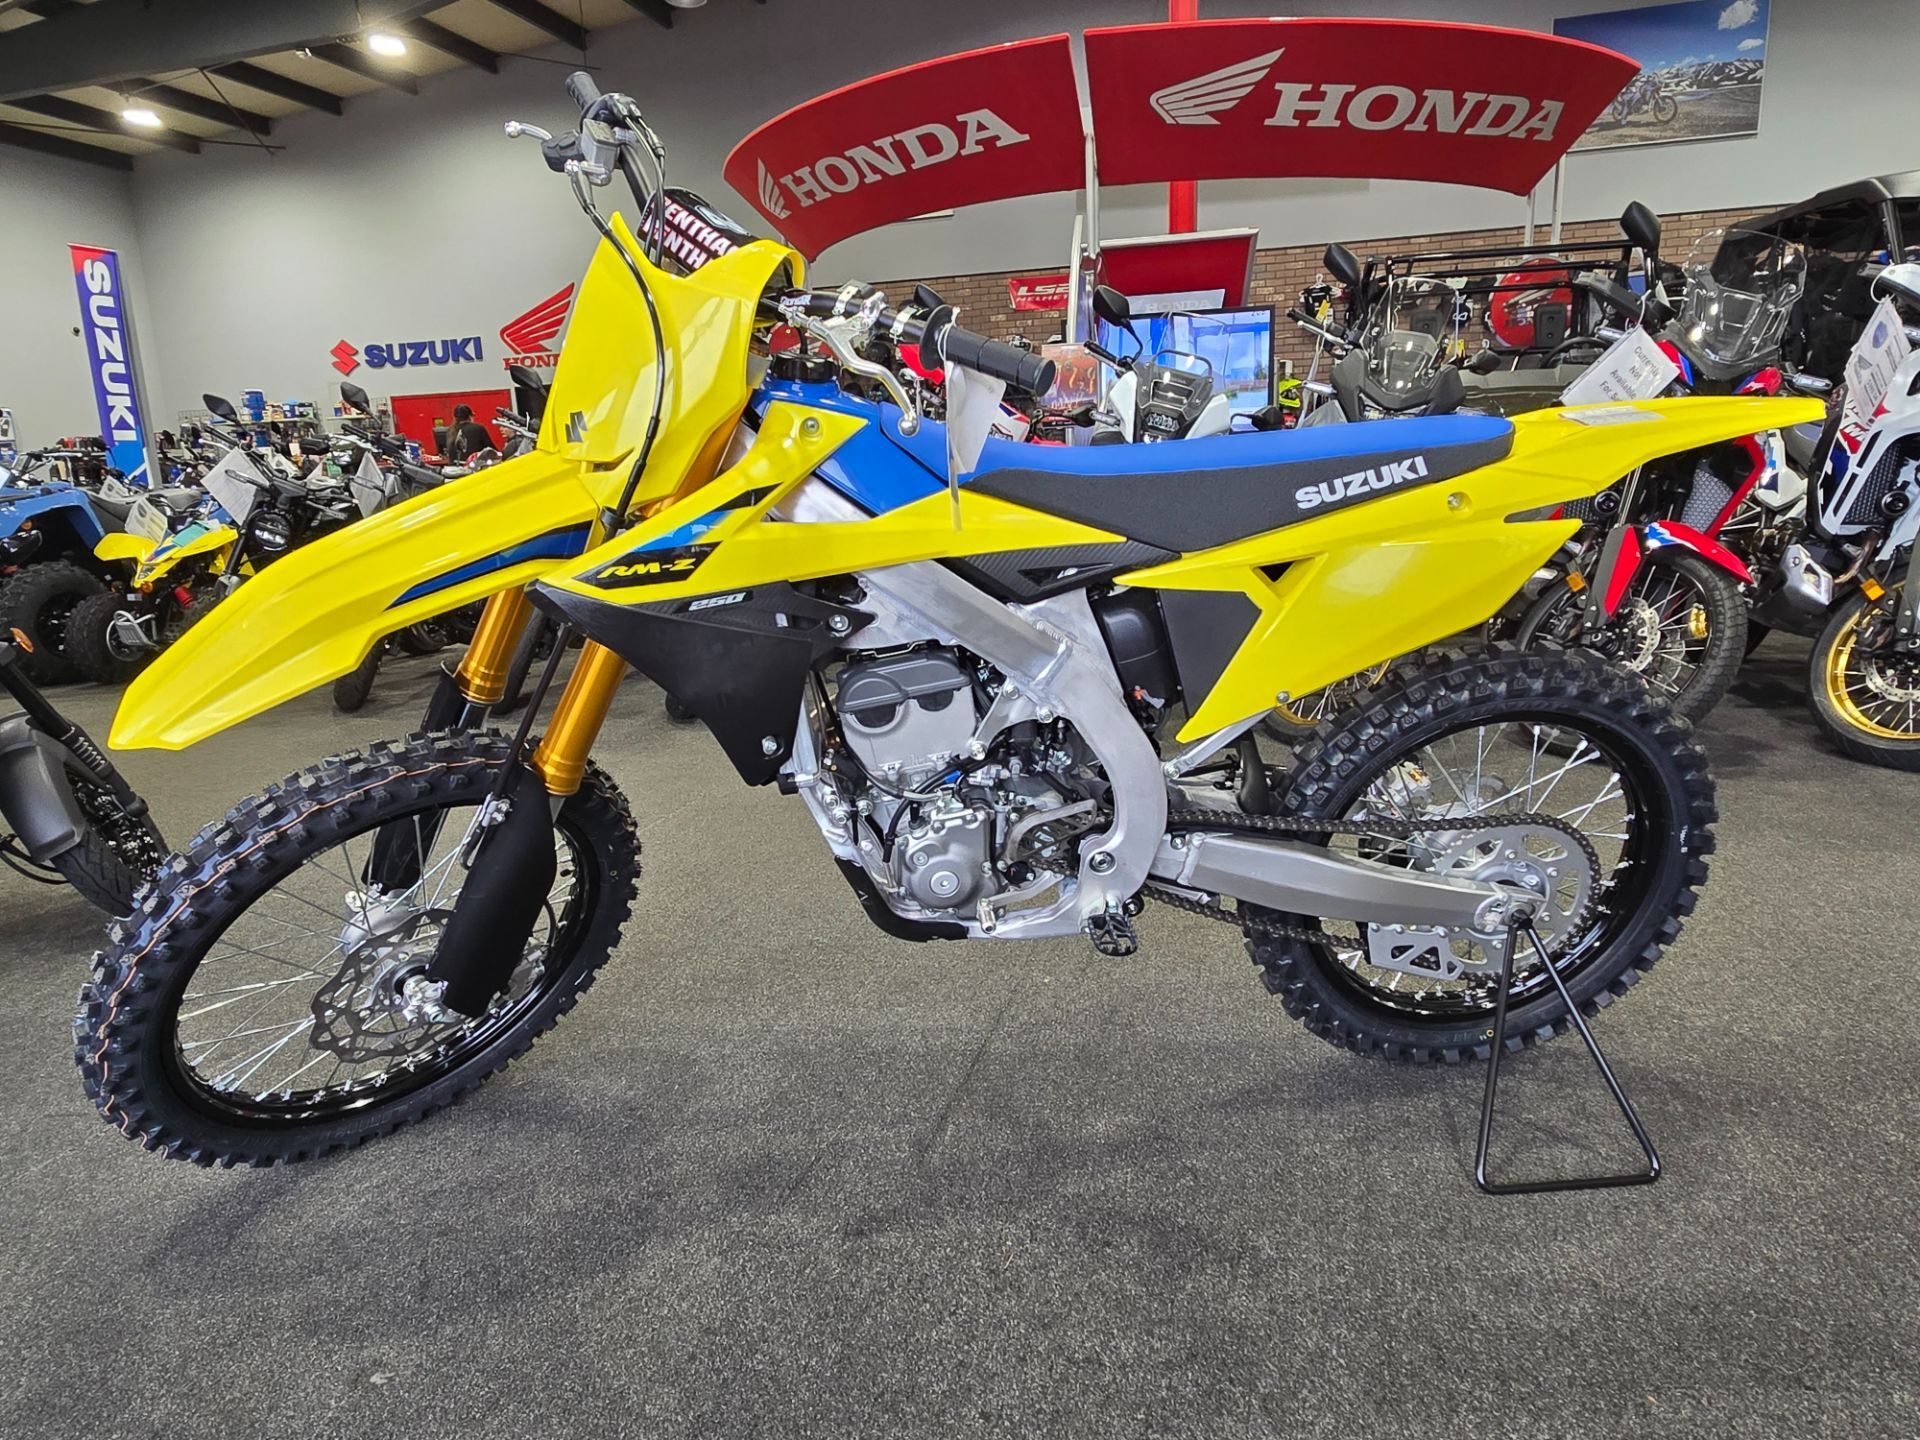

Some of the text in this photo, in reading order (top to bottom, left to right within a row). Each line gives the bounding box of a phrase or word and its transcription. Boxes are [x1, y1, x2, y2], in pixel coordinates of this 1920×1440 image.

[1264, 82, 1564, 141] HONDA
[779, 108, 1030, 208] HONDA
[1145, 299, 1211, 312] HONDA
[83, 259, 138, 442] SUZUKI
[364, 336, 483, 368] SUZUKI
[1610, 369, 1637, 400] Available
[1628, 365, 1642, 380] Not
[1295, 456, 1429, 509] SUZUKI
[596, 558, 696, 579] RM-Z
[688, 592, 747, 611] 250

Exercise prompt: Return all of the records above exactly as written. Omit each picture.

Exercise solution:
Some of the text in this photo, in reading order (top to bottom, left to right within a row). Each line gives the bounding box of a phrase or word and its transcription. Boxes are [x1, y1, x2, y2], in pixel coordinates of this 1920×1440 image.

[1264, 82, 1564, 141] HONDA
[779, 108, 1030, 208] HONDA
[1145, 299, 1211, 312] HONDA
[83, 259, 138, 442] SUZUKI
[364, 336, 483, 368] SUZUKI
[1610, 369, 1637, 400] Available
[1628, 365, 1642, 380] Not
[1295, 456, 1429, 509] SUZUKI
[596, 558, 696, 579] RM-Z
[688, 592, 747, 611] 250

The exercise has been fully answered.